I once found a mother lode of gold, or thought I had.
We lived in the Berkshire Hills of western Massachusetts, and one summer weekend while out in the backyard doing kid things, something shiny on a dark gray rock caught my eye. It was a small, glittering gold square of metal.
Elated, I dug that out of the rock and went racing indoors to inform my parents of our new-found wealth. They broke the news to me as gently as possible that there is such a thing as fool’s gold in the world.
Those of us who have learned not to be foolish call this mineral by it’s true name: pyrite.
Gold is a single element and a metal, but pyrite is a combination of two elements – the metal iron and the nonmetal sulfur.
A good way to tell whether you’ve got real or fool’s gold is to hit it with a steel hammer. Gold will flatten, but pyrite just sparks.
There’s metal in both. Why do they act so differently?
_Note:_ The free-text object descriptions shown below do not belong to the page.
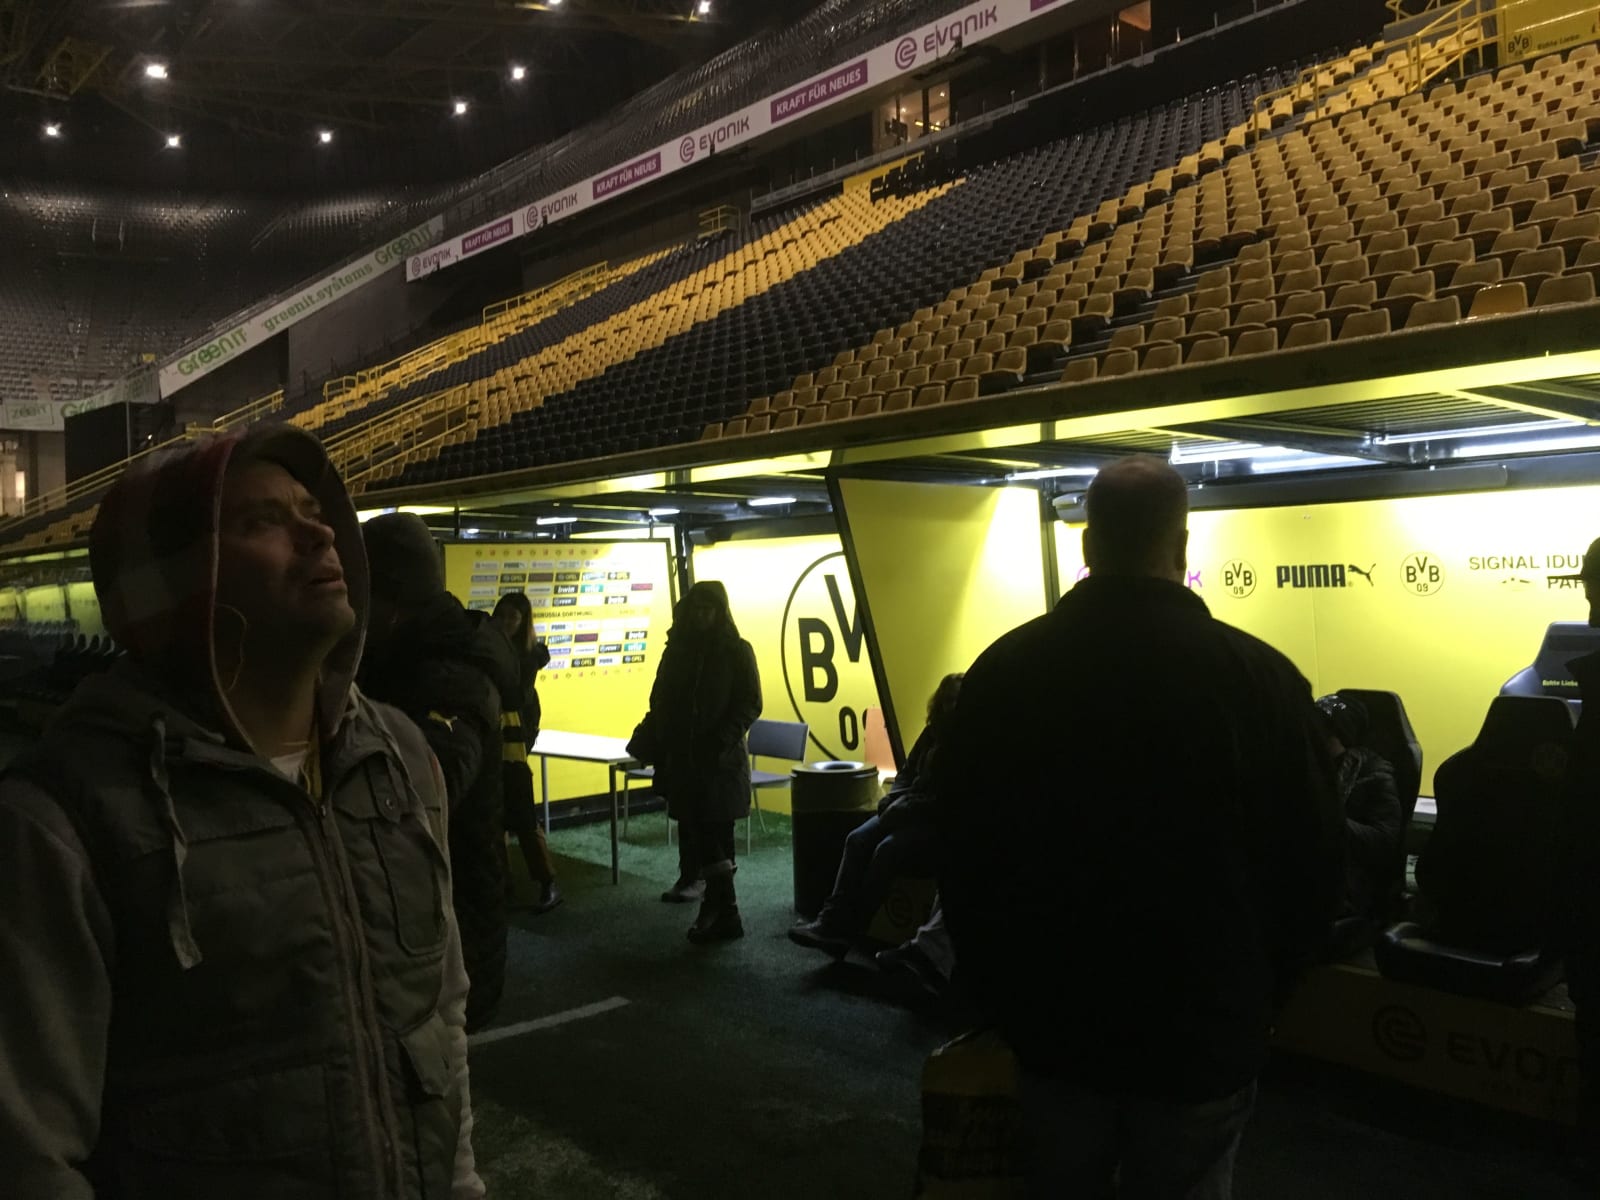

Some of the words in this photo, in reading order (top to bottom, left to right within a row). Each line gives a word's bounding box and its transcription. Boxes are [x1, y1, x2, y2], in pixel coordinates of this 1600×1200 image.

[923, 6, 998, 52] EVONIK
[1508, 34, 1530, 53] BVB
[776, 94, 806, 116] KRAFT
[808, 83, 827, 102] FÜR
[829, 68, 861, 91] NEUES
[699, 116, 750, 150] EVONIK
[596, 175, 618, 193] KRAFT
[619, 168, 633, 184] FÜR
[633, 160, 657, 177] NEUES
[541, 192, 578, 217] EVONIK
[422, 247, 451, 268] EVONIK
[1224, 562, 1253, 587] BVB
[1405, 556, 1440, 583] BVB
[1469, 555, 1540, 571] SIGNAL
[1546, 554, 1584, 569] IDU
[1276, 564, 1347, 589] PUMA
[1416, 583, 1428, 593] 09
[1233, 586, 1244, 595] 09
[798, 574, 864, 703] BV
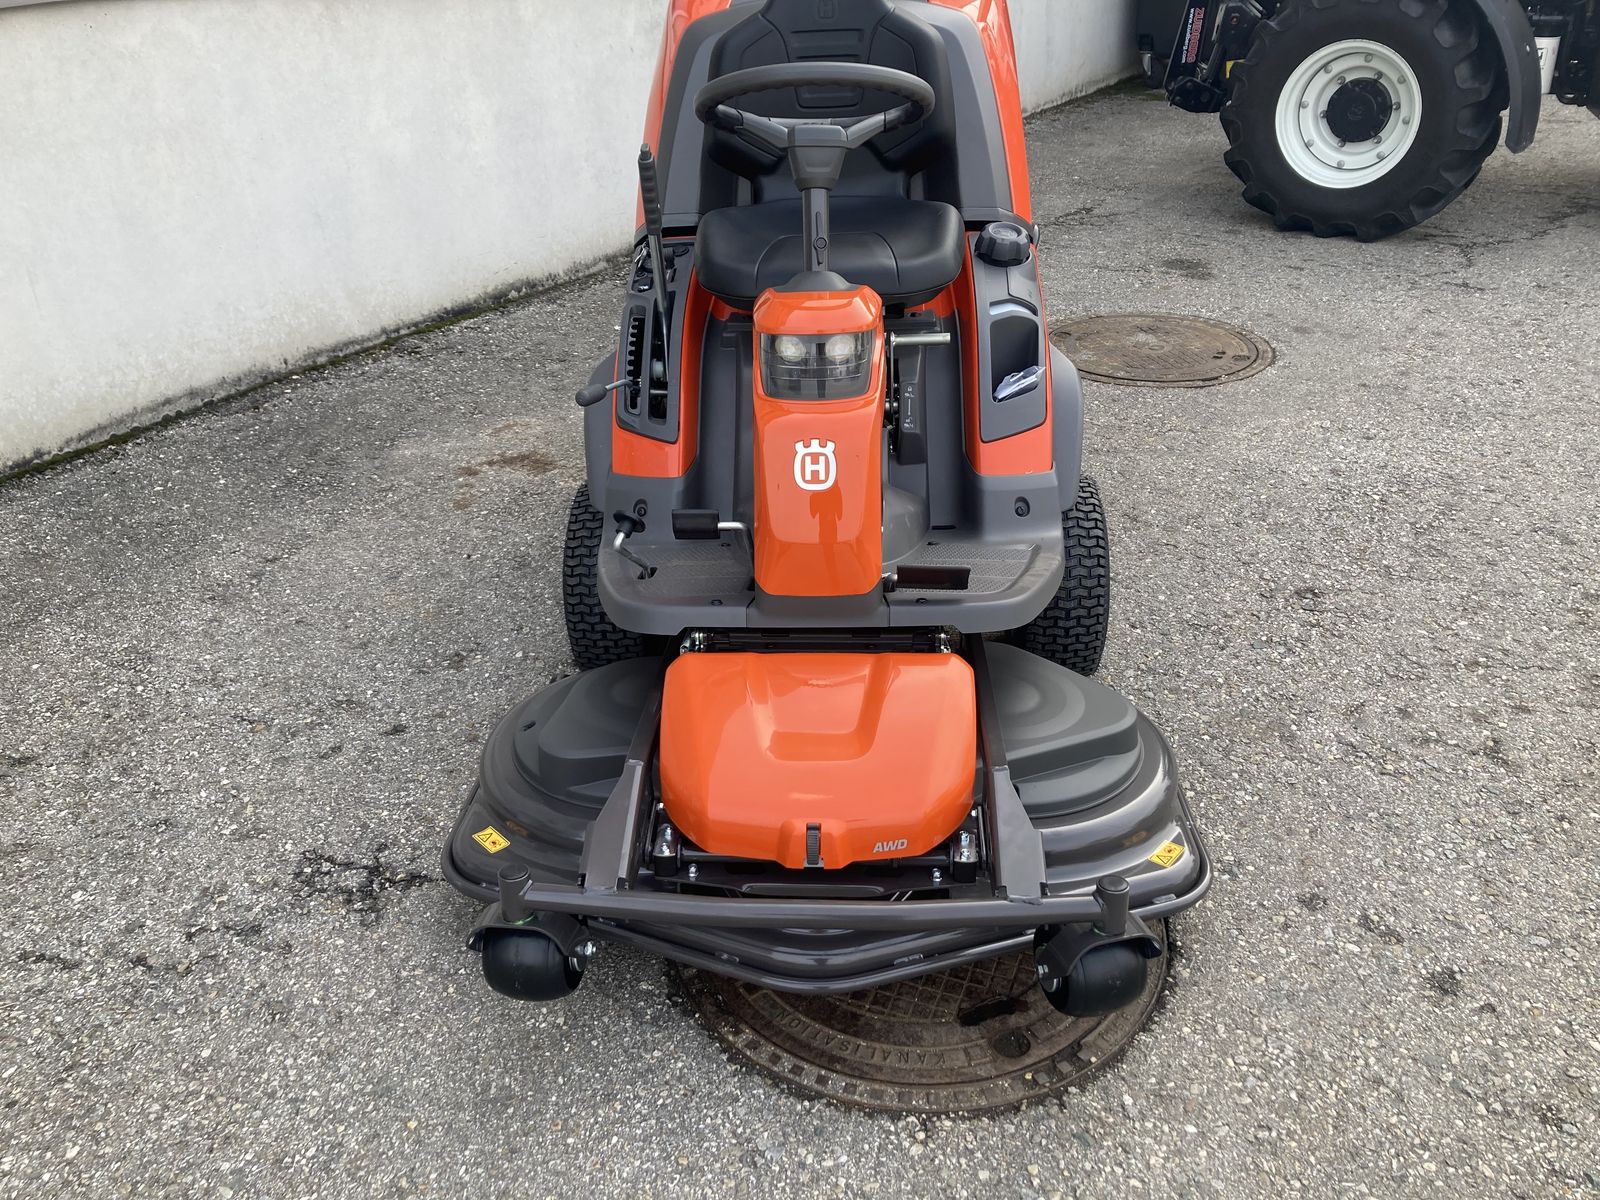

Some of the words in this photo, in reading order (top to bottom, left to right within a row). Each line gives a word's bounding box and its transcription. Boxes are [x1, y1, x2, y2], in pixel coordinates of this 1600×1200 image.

Because gold’s crystal structure looks like this:
The arrangement of iron and sulfur in pyrite’s crystal structure makes “fool’s gold” a lot of tougher, and a look at its lattice also shows why pyrite crystals are cubic:
What Can You Do With It?
Ancient civilizations may not have known about crystal structures, but these highly practical people soon found many uses for pyrite.
Of course it made nice jewelry, but in the days of Alexander, iron itself was considered a precious metal because of its use in lapidary work. Only diamonds can cut diamonds, but first you need rotating plates of iron to securely hold the diamond abrasive in place as you work.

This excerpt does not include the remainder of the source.